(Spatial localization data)
··········
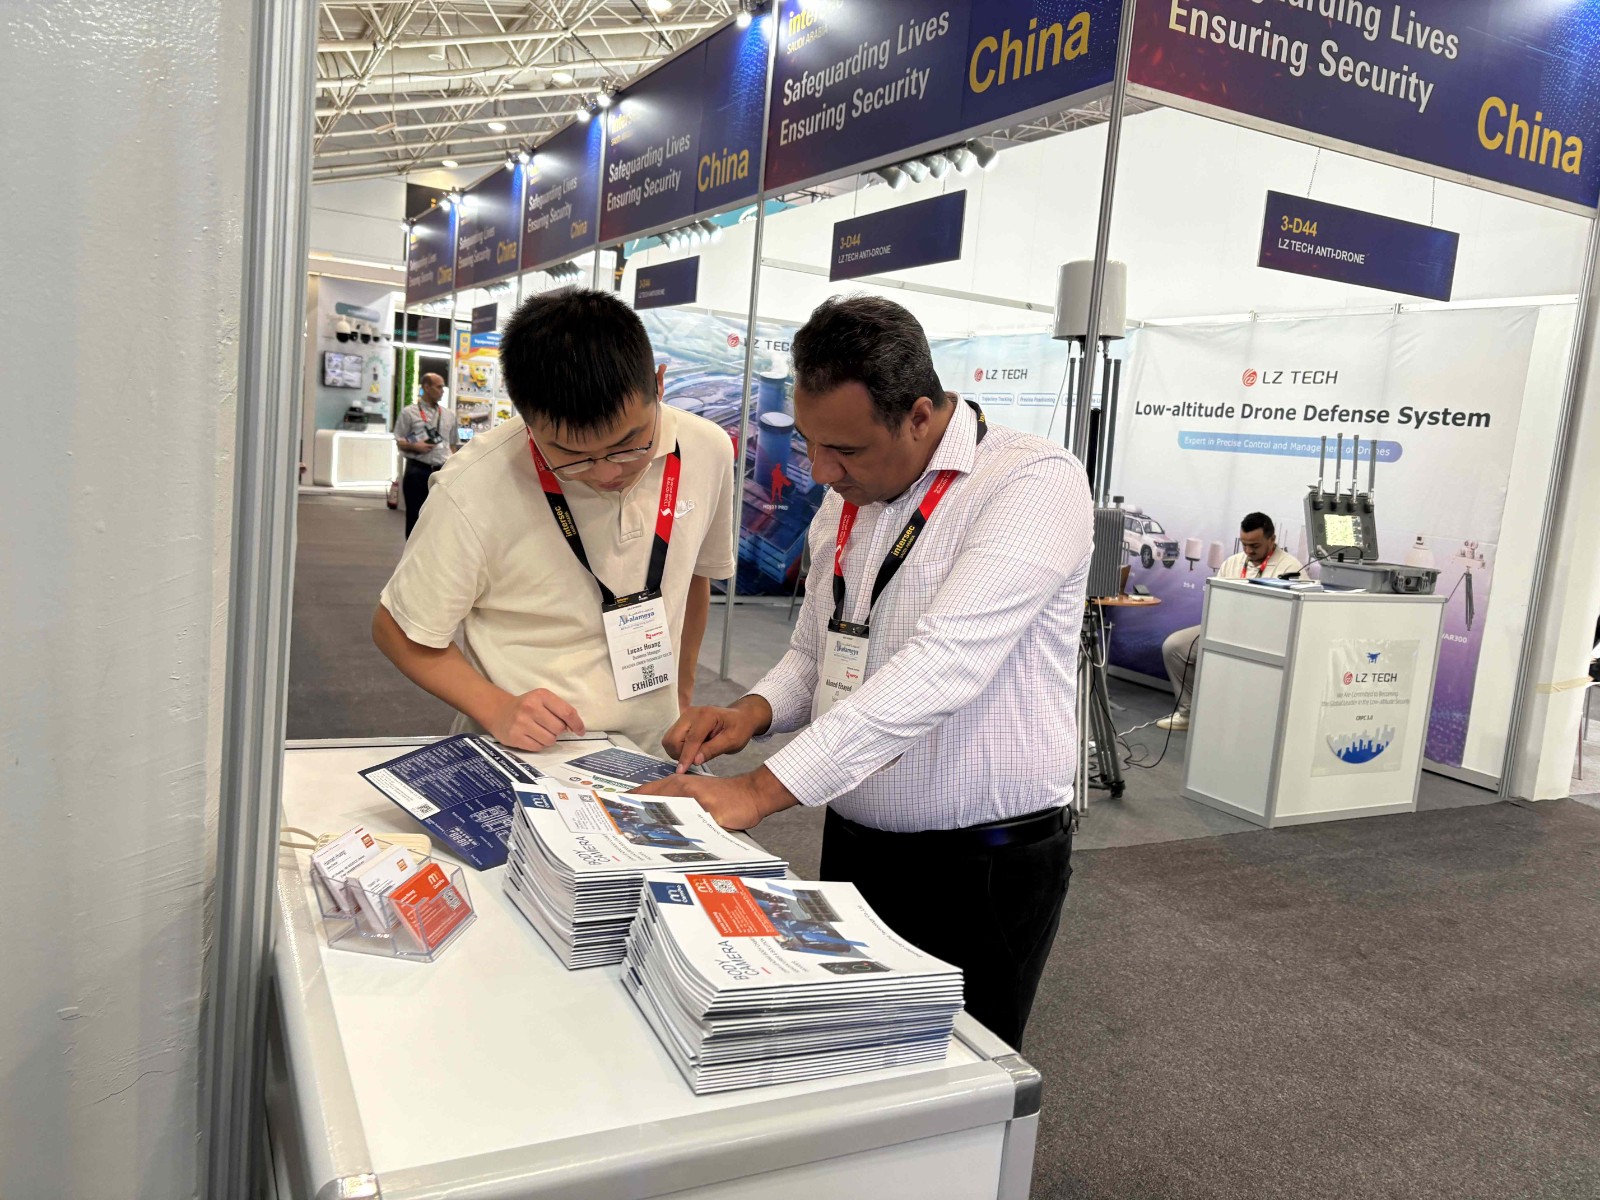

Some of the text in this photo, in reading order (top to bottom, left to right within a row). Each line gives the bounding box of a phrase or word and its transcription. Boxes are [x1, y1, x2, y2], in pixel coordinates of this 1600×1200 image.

[1391, 5, 1459, 60] Lives
[783, 11, 949, 106] Safeguarding Lives
[969, 11, 1091, 94] China
[1169, 0, 1308, 77] Ensuring
[1318, 39, 1435, 114] Security
[780, 66, 931, 147] Ensuring Security
[1477, 96, 1583, 175] China
[608, 147, 663, 183] Safeguarding
[666, 134, 690, 158] Lives
[697, 147, 749, 192] China
[606, 169, 681, 211] Ensuring Security
[571, 220, 588, 239] China
[1280, 215, 1317, 237] 3-D44
[840, 233, 861, 250] 3-D44
[1278, 238, 1365, 264] LZ TECH ANTI-DRONE
[844, 252, 859, 262] TECH
[765, 340, 789, 352] TEC
[986, 368, 1028, 380] LZ TECH
[1262, 370, 1338, 384] LZ TECH
[1135, 400, 1491, 429] Low-altitude Drone Defense System
[1184, 436, 1206, 446] Expert
[1207, 438, 1215, 446] in
[1216, 438, 1242, 448] Precise
[1244, 440, 1271, 449] Control
[1272, 441, 1288, 450] and
[1290, 442, 1340, 453] Manageen
[1358, 446, 1391, 456] Drnes
[555, 505, 572, 537] intersec
[891, 525, 916, 556] intersec
[627, 641, 661, 655] Lucas Huang
[632, 673, 669, 692] EXHIBITOR
[1355, 672, 1397, 682] LZ TECH
[715, 959, 749, 980] BODY
[718, 940, 760, 976] CAMERA
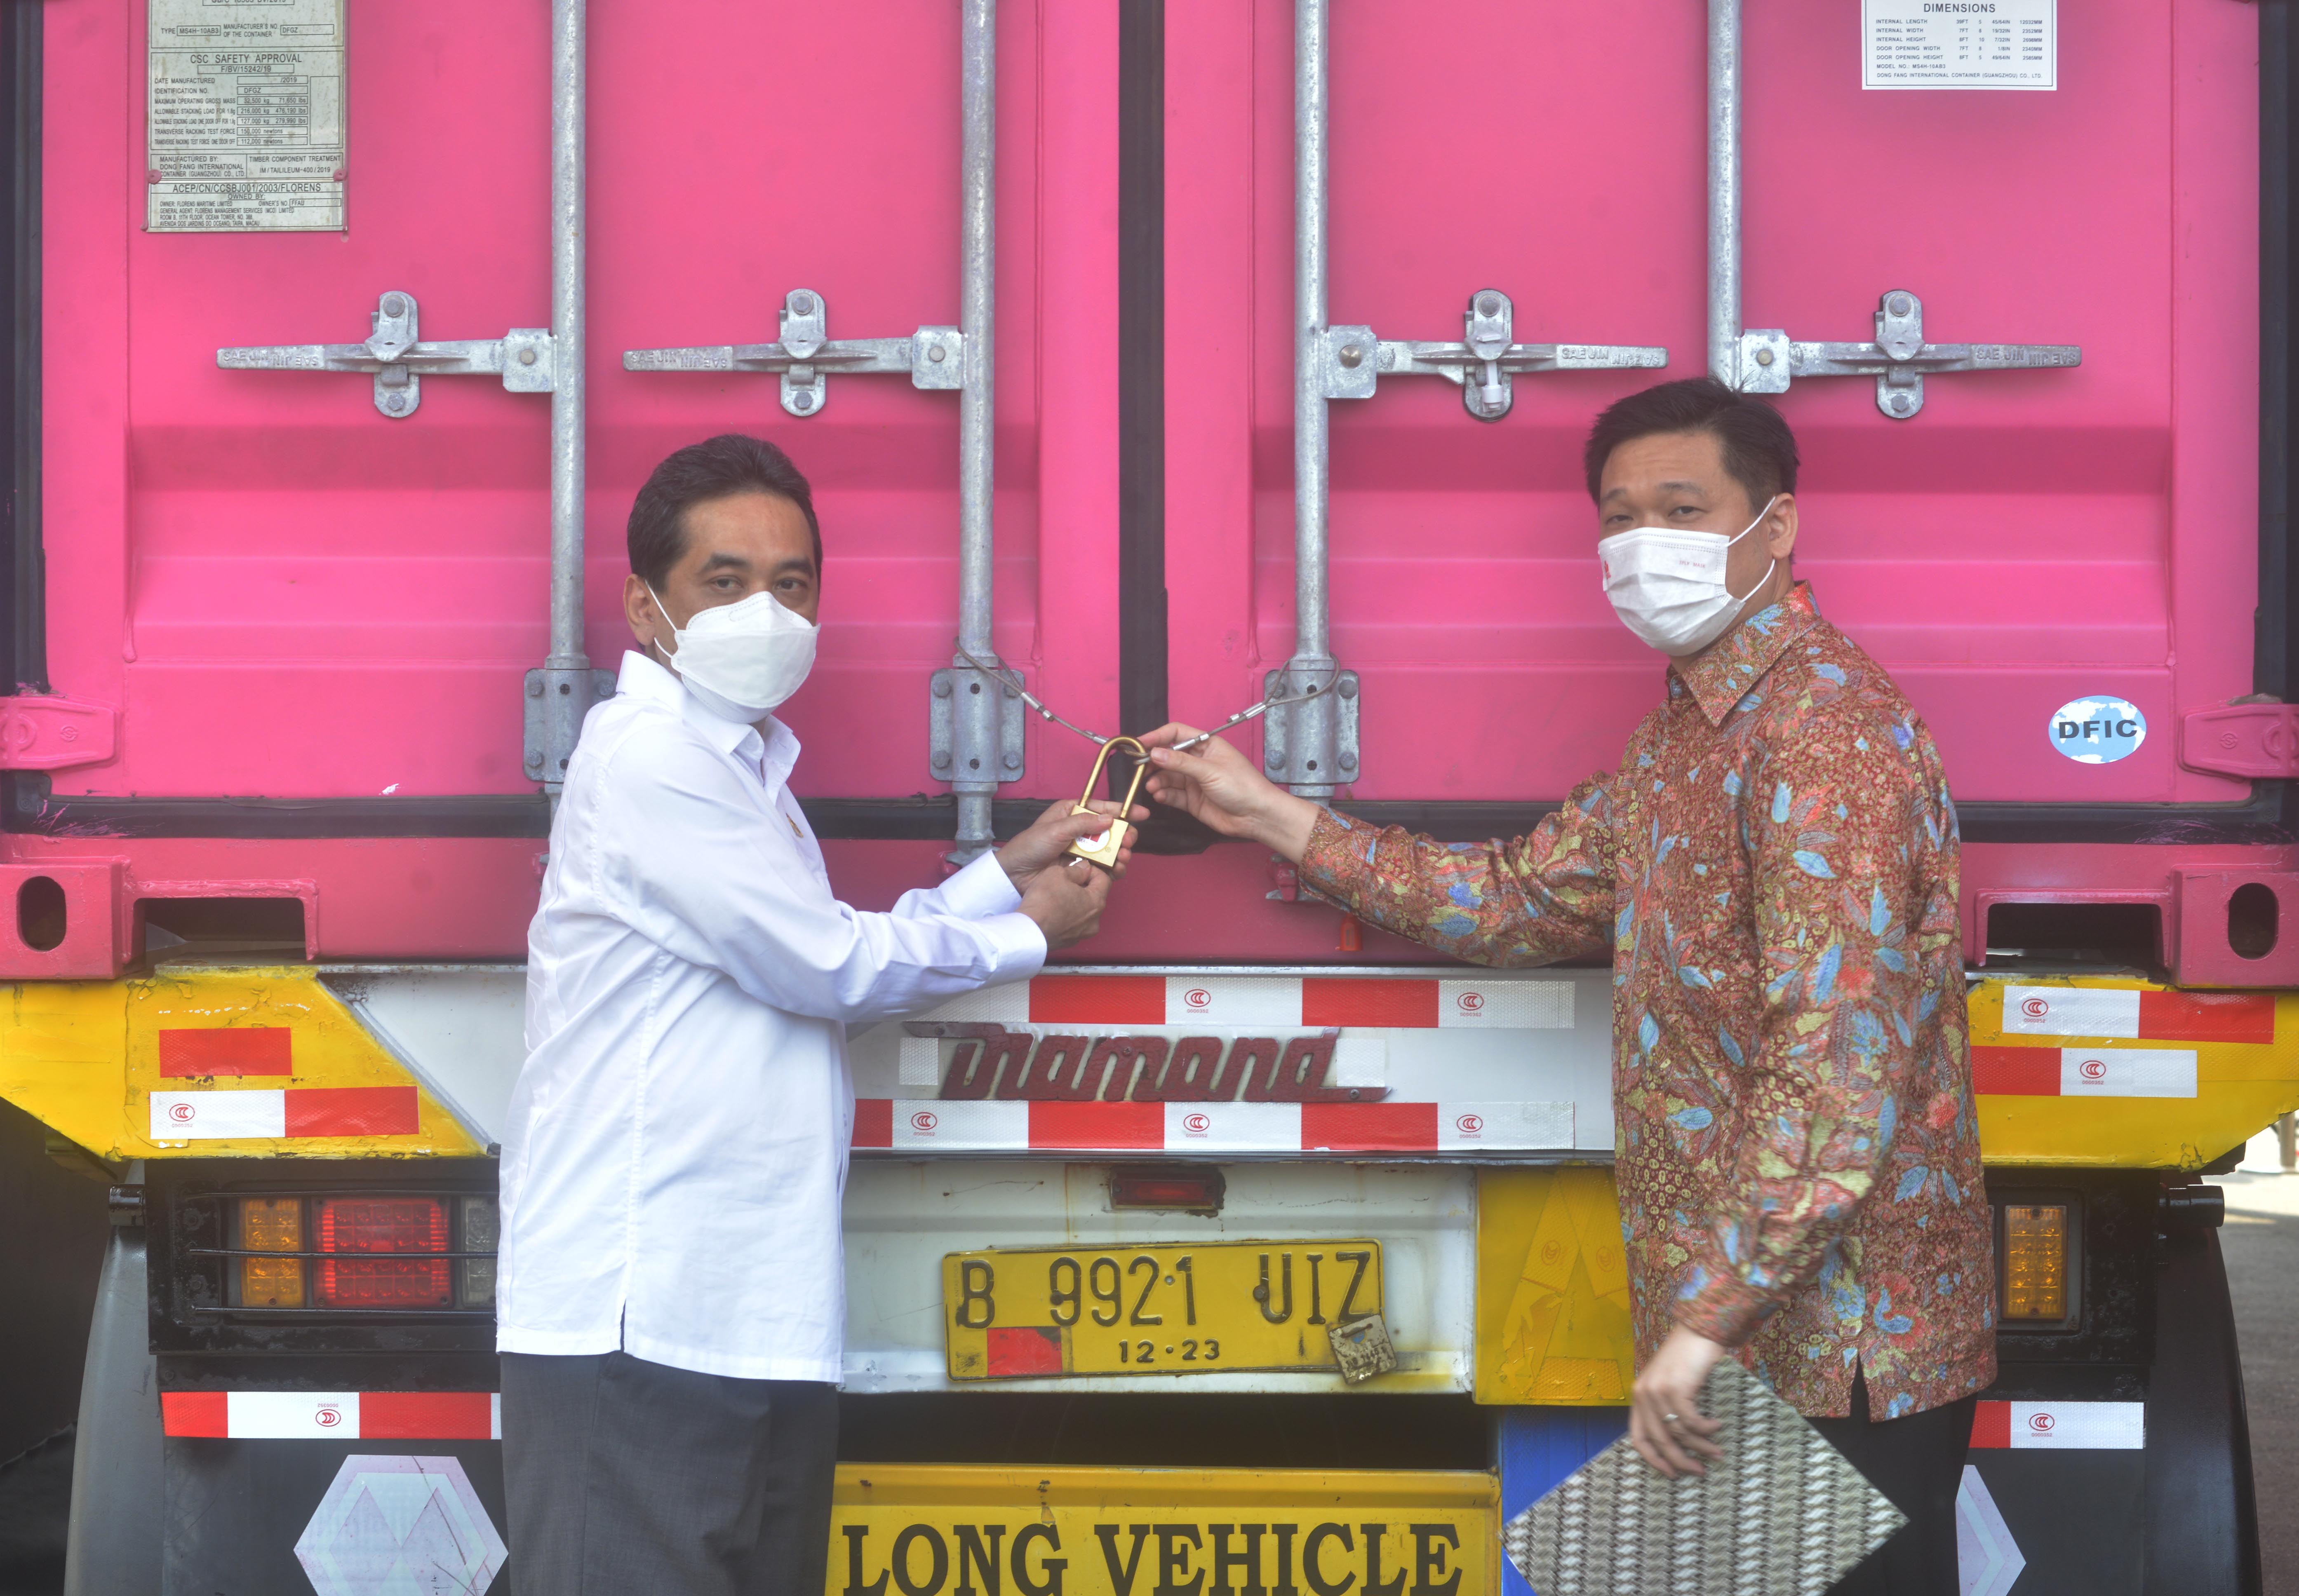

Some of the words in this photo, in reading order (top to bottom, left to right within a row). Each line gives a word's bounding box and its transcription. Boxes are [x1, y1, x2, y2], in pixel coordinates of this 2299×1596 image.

[1924, 3, 1996, 12] DIMENSIONS
[190, 54, 208, 63] CSC
[215, 54, 249, 63] SAFETY
[255, 54, 302, 63] APPROVAL
[2004, 349, 2024, 360] JIN
[2059, 720, 2137, 739] DFIC
[956, 1260, 995, 1329] B
[1049, 1255, 1197, 1326] 9921
[842, 1523, 1068, 1596] LONG
[1094, 1523, 1463, 1596] VEHICLE
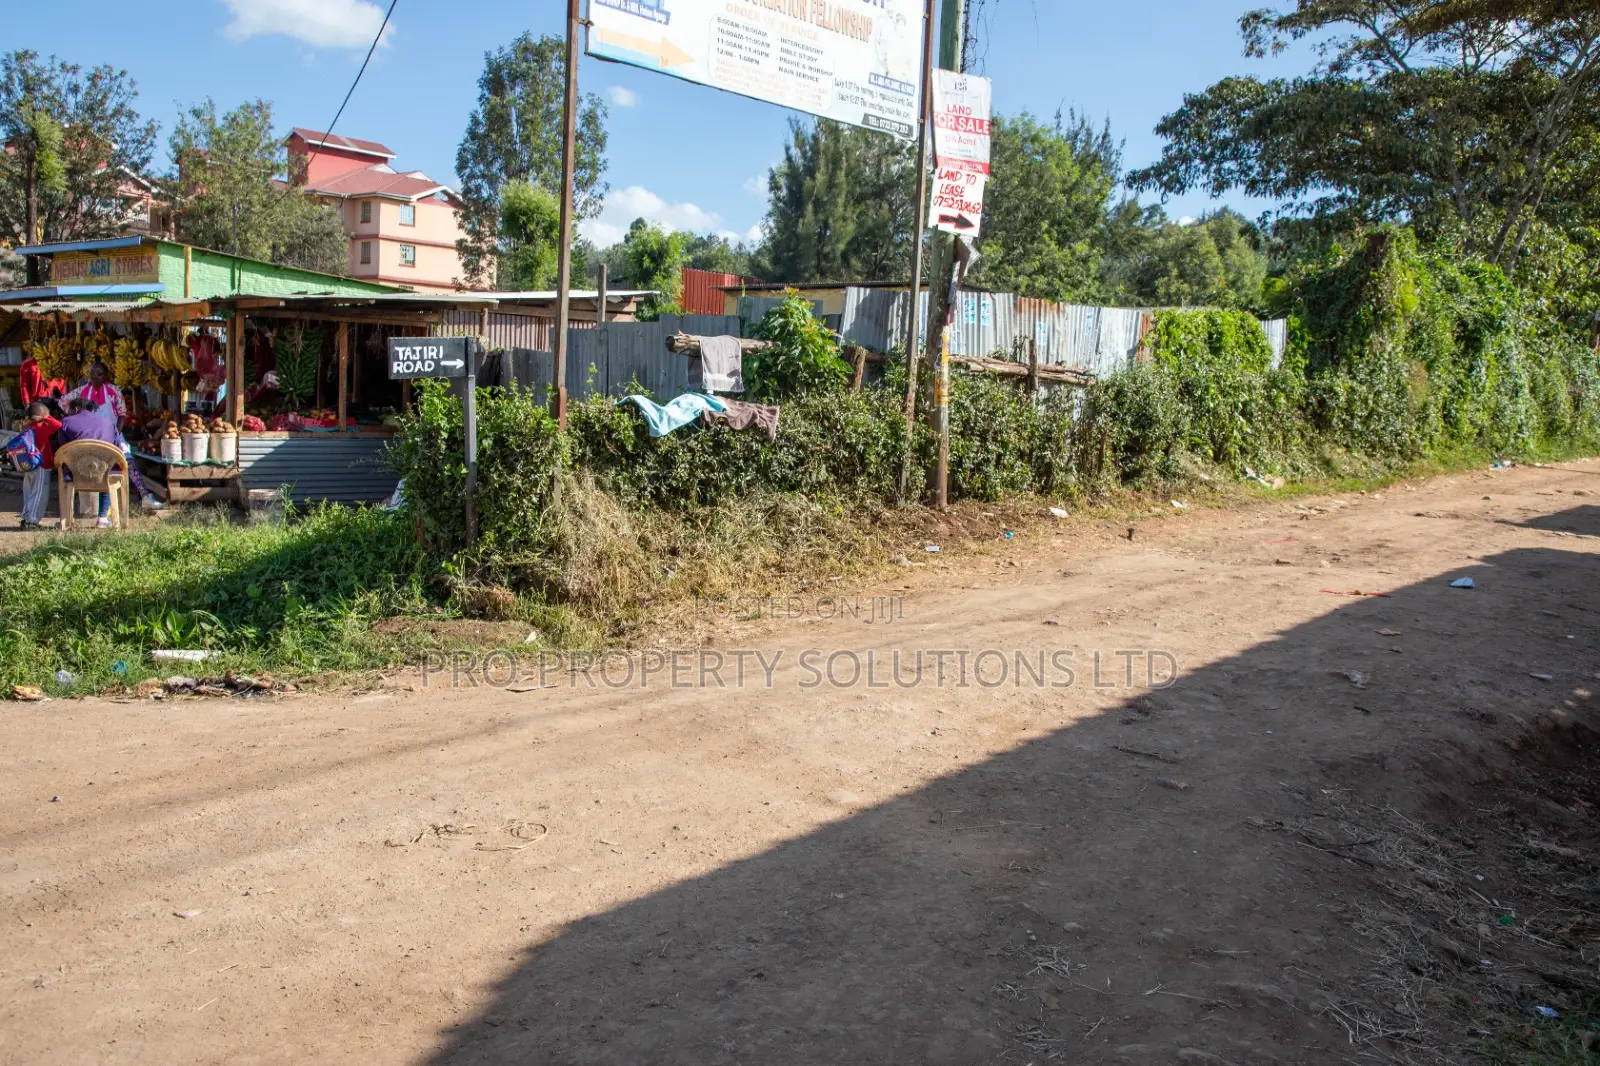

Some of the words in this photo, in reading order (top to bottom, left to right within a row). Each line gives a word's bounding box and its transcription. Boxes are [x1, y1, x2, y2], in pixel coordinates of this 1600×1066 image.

[810, 0, 873, 43] FELLOWSHIP
[946, 104, 972, 116] LAND
[957, 119, 990, 135] SALE
[938, 167, 962, 182] LAND
[966, 173, 977, 185] TO
[940, 183, 965, 197] LEASE
[394, 345, 444, 361] TAJIRI
[392, 360, 435, 374] ROAD
··········
▶ [Action item]: In the copy, include every line of the records exactly and none of the images.

▶ [Response]:
Some of the text in this photo, in reading order (top to bottom, left to right within a row). Each line gives the bounding box of a phrase or word and its transcription. Boxes are [x1, y1, x2, y2], in pixel coordinates of this 1600×1200 image.

[1391, 5, 1459, 60] Lives
[783, 11, 949, 106] Safeguarding Lives
[969, 11, 1091, 94] China
[1169, 0, 1308, 77] Ensuring
[1318, 39, 1435, 114] Security
[780, 66, 931, 147] Ensuring Security
[1477, 96, 1583, 175] China
[608, 147, 663, 183] Safeguarding
[666, 134, 690, 158] Lives
[697, 147, 749, 192] China
[606, 169, 681, 211] Ensuring Security
[571, 220, 588, 239] China
[1280, 215, 1317, 237] 3-D44
[840, 233, 861, 250] 3-D44
[1278, 238, 1365, 264] LZ TECH ANTI-DRONE
[844, 252, 859, 262] TECH
[765, 340, 789, 352] TEC
[986, 368, 1028, 380] LZ TECH
[1262, 370, 1338, 384] LZ TECH
[1135, 400, 1491, 429] Low-altitude Drone Defense System
[1184, 436, 1206, 446] Expert
[1207, 438, 1215, 446] in
[1216, 438, 1242, 448] Precise
[1244, 440, 1271, 449] Control
[1272, 441, 1288, 450] and
[1290, 442, 1340, 453] Manageen
[1358, 446, 1391, 456] Drnes
[555, 505, 572, 537] intersec
[891, 525, 916, 556] intersec
[627, 641, 661, 655] Lucas Huang
[632, 673, 669, 692] EXHIBITOR
[1355, 672, 1397, 682] LZ TECH
[715, 959, 749, 980] BODY
[718, 940, 760, 976] CAMERA

Some of the words in this photo, in reading order (top to bottom, left to right within a row). Each line gives a word's bounding box and its transcription. Boxes are [x1, y1, x2, y2], in pixel coordinates of this 2299×1596 image.

[1924, 3, 1996, 12] DIMENSIONS
[190, 54, 208, 63] CSC
[215, 54, 249, 63] SAFETY
[255, 54, 302, 63] APPROVAL
[2004, 349, 2024, 360] JIN
[2059, 720, 2137, 739] DFIC
[956, 1260, 995, 1329] B
[1049, 1255, 1197, 1326] 9921
[842, 1523, 1068, 1596] LONG
[1094, 1523, 1463, 1596] VEHICLE

Some of the words in this photo, in reading order (top to bottom, left to right within a row). Each line gives a word's bounding box and its transcription. Boxes are [x1, y1, x2, y2], in pixel coordinates of this 1600×1066 image.

[810, 0, 873, 43] FELLOWSHIP
[946, 104, 972, 116] LAND
[957, 119, 990, 135] SALE
[938, 167, 962, 182] LAND
[966, 173, 977, 185] TO
[940, 183, 965, 197] LEASE
[394, 345, 444, 361] TAJIRI
[392, 360, 435, 374] ROAD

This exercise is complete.